DATA EXTRACT below:

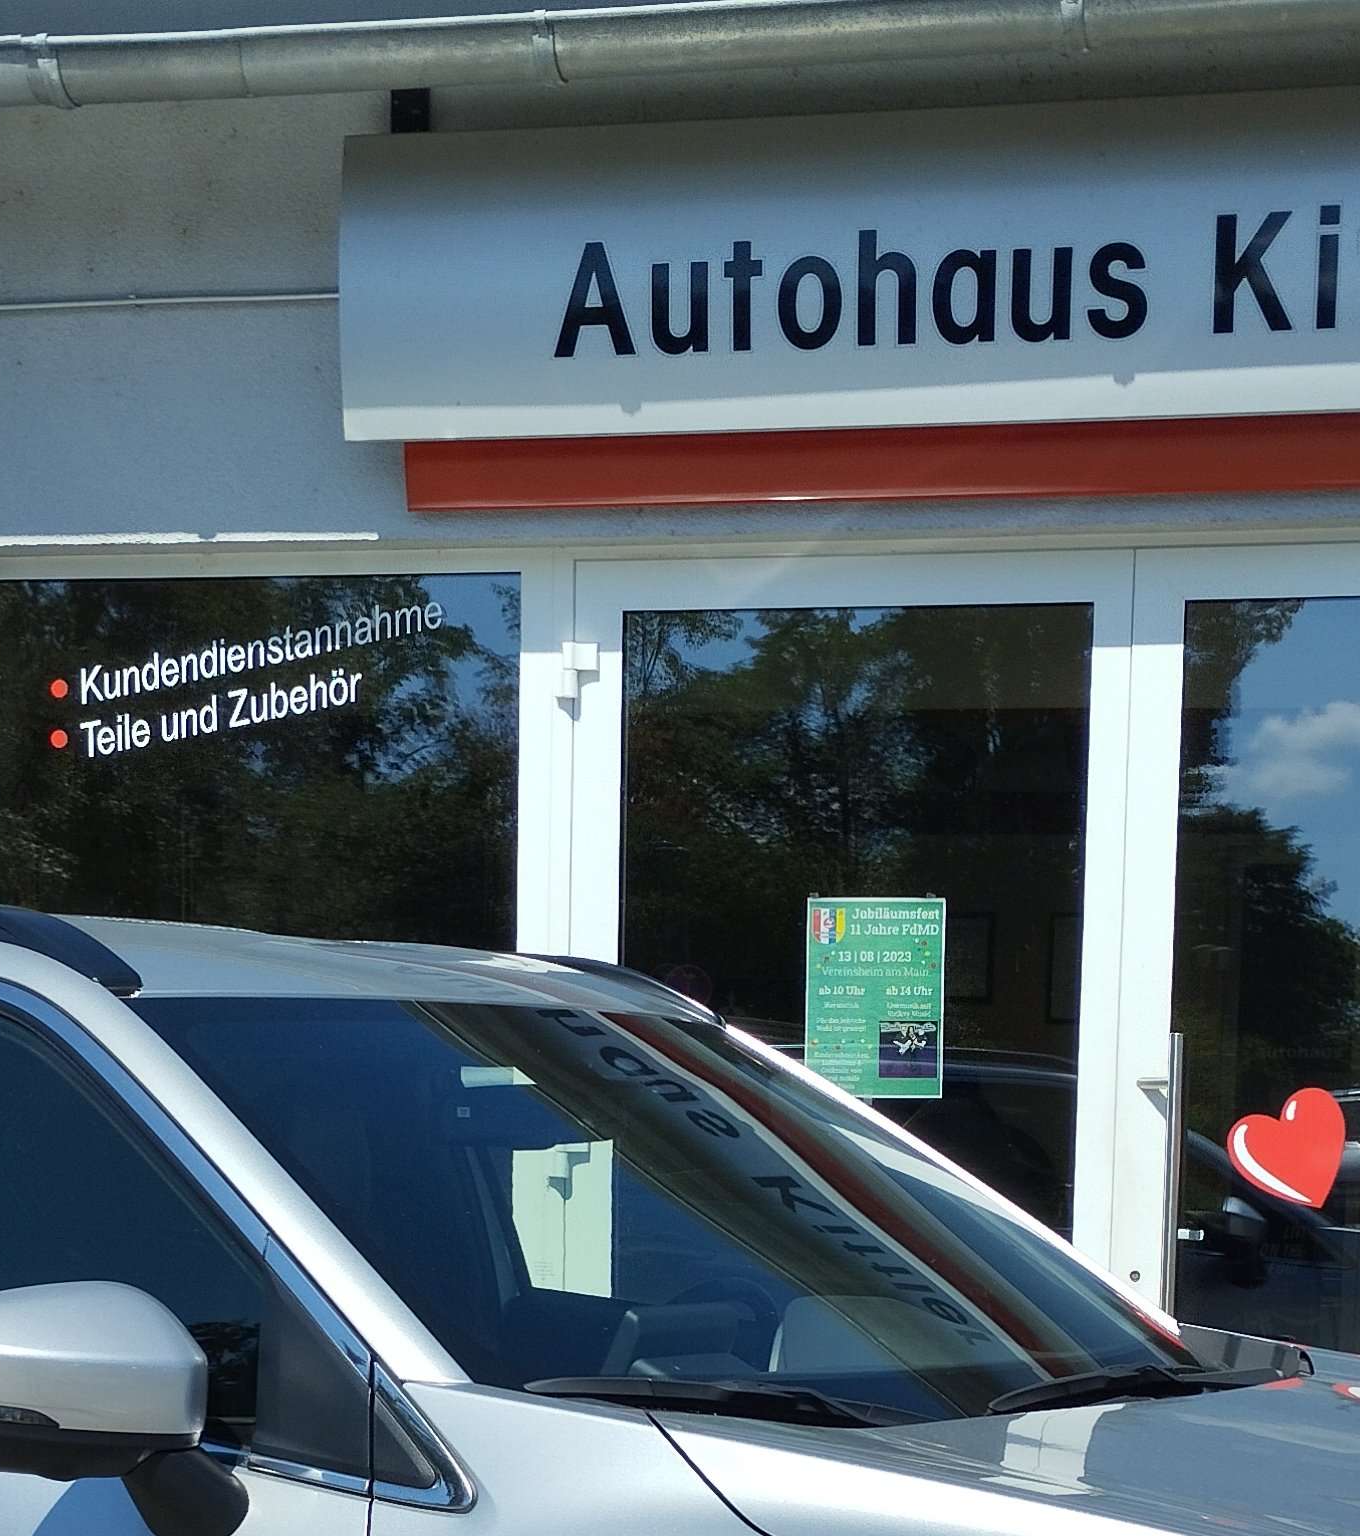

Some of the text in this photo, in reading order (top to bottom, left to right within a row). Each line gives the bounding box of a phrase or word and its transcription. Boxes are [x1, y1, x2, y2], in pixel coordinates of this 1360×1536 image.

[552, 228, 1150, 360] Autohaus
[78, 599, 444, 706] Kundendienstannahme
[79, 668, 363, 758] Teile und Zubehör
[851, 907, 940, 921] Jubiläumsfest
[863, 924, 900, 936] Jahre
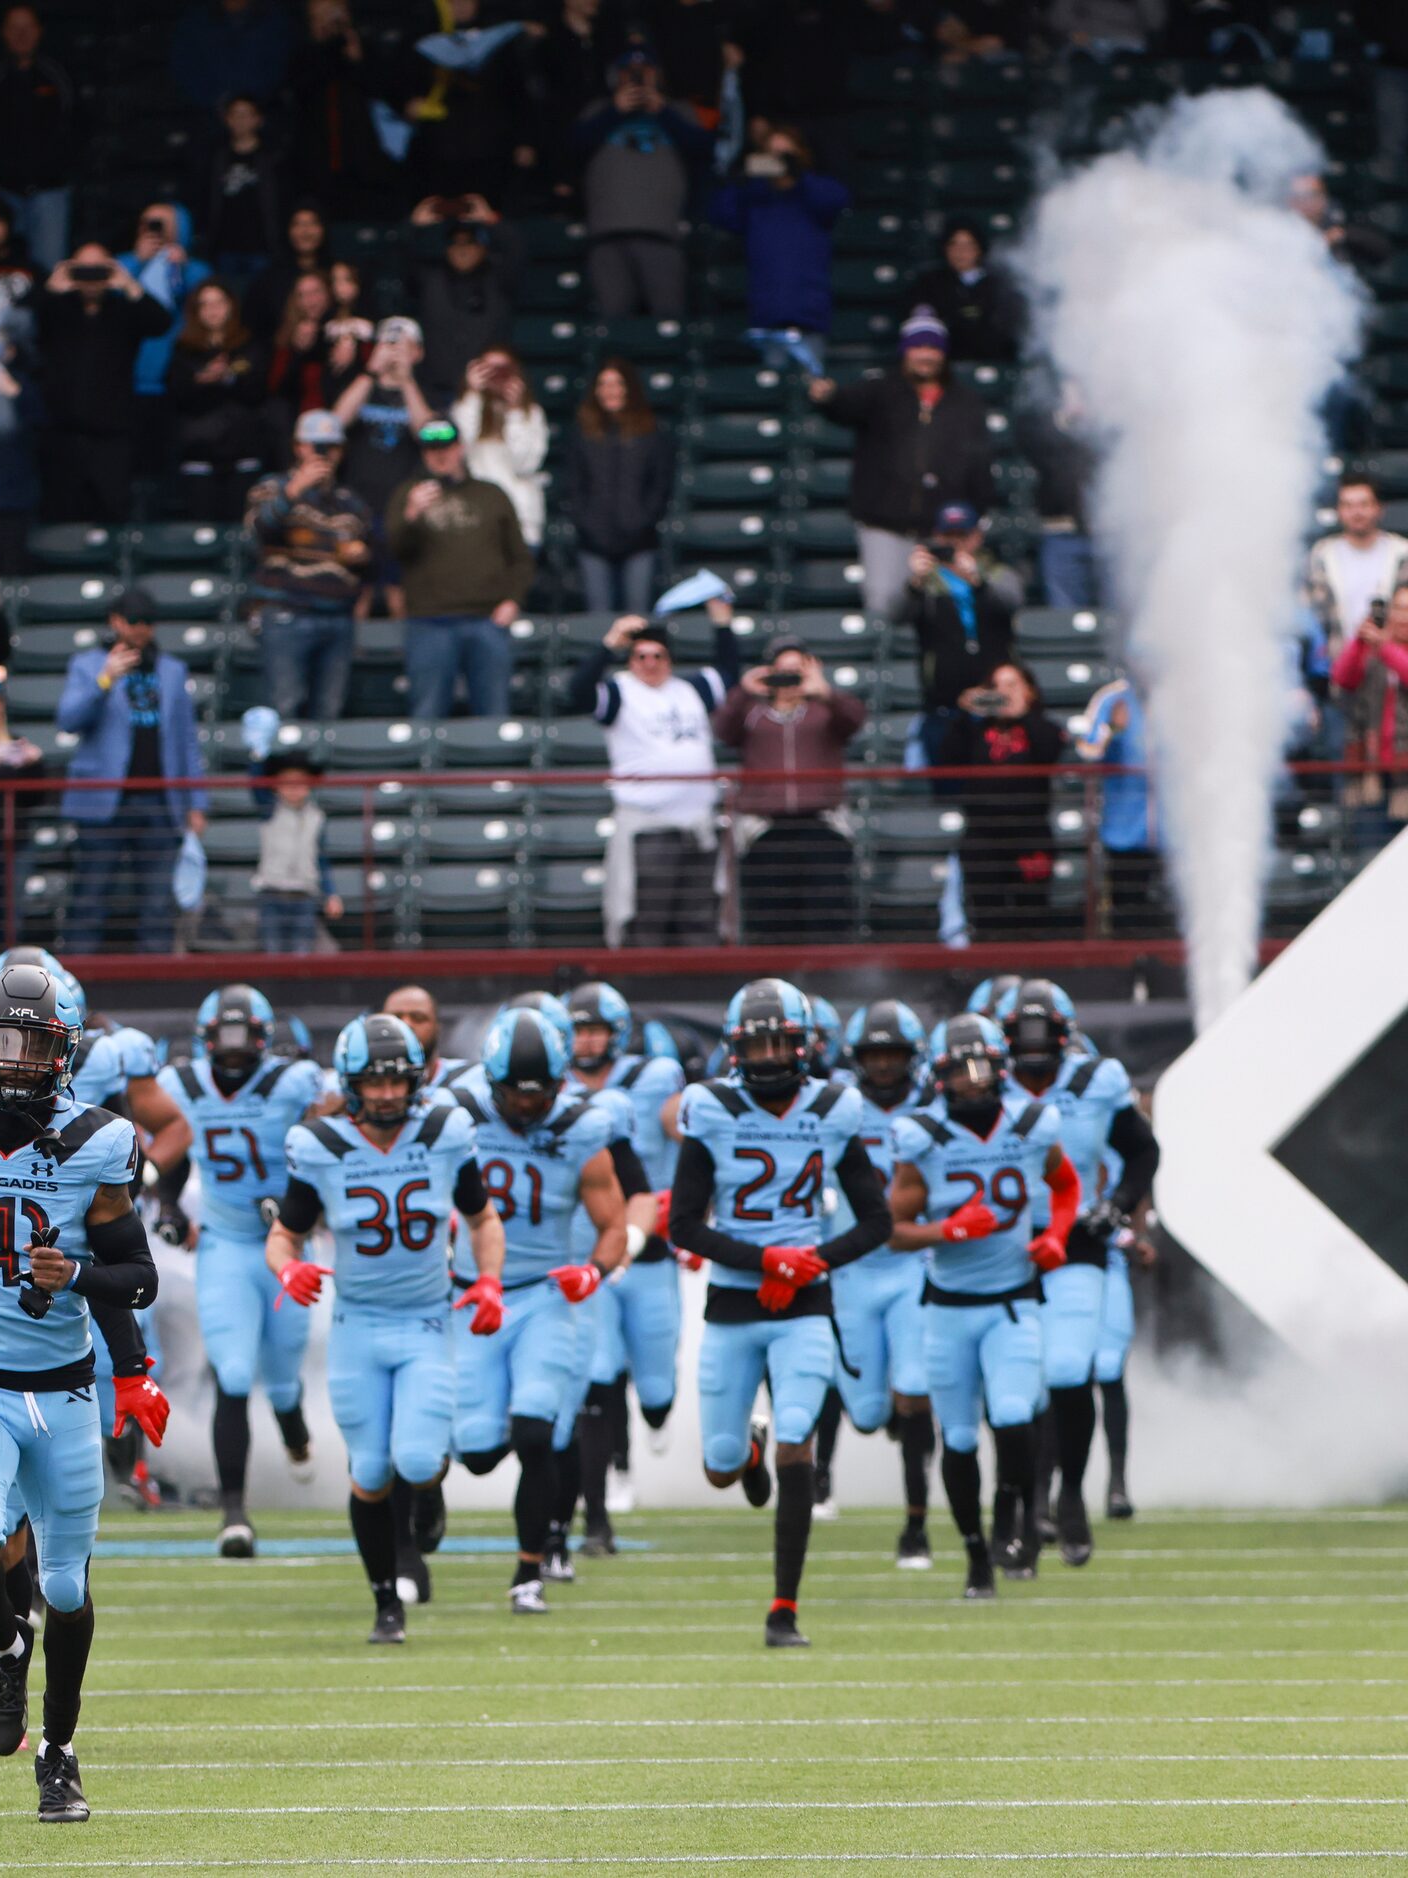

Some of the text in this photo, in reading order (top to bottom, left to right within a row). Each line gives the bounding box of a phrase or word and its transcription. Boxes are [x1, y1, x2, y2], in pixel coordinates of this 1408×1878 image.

End of DATA EXTRACT.

EXERCISE REQUIREMENTS
Transcribe the whole listing exactly but exclude images.

ANSWER BELOW
Some of the text in this photo, in reading order (top to bottom, left to right within a row). Each line gives the bounding box of a phrase or word and its transcription. Boxes are [x1, y1, x2, y2], in pixel coordinates of this 1360×1536 image.

[552, 228, 1150, 360] Autohaus
[78, 599, 444, 706] Kundendienstannahme
[79, 668, 363, 758] Teile und Zubehör
[851, 907, 940, 921] Jubiläumsfest
[863, 924, 900, 936] Jahre

Some of the text in this photo, in reading order (top to bottom, left to right within a row). Each line gives the bounding box of a phrase or word and its transcription. Boxes are [x1, y1, x2, y2], in pixel coordinates of this 1408×1878 image.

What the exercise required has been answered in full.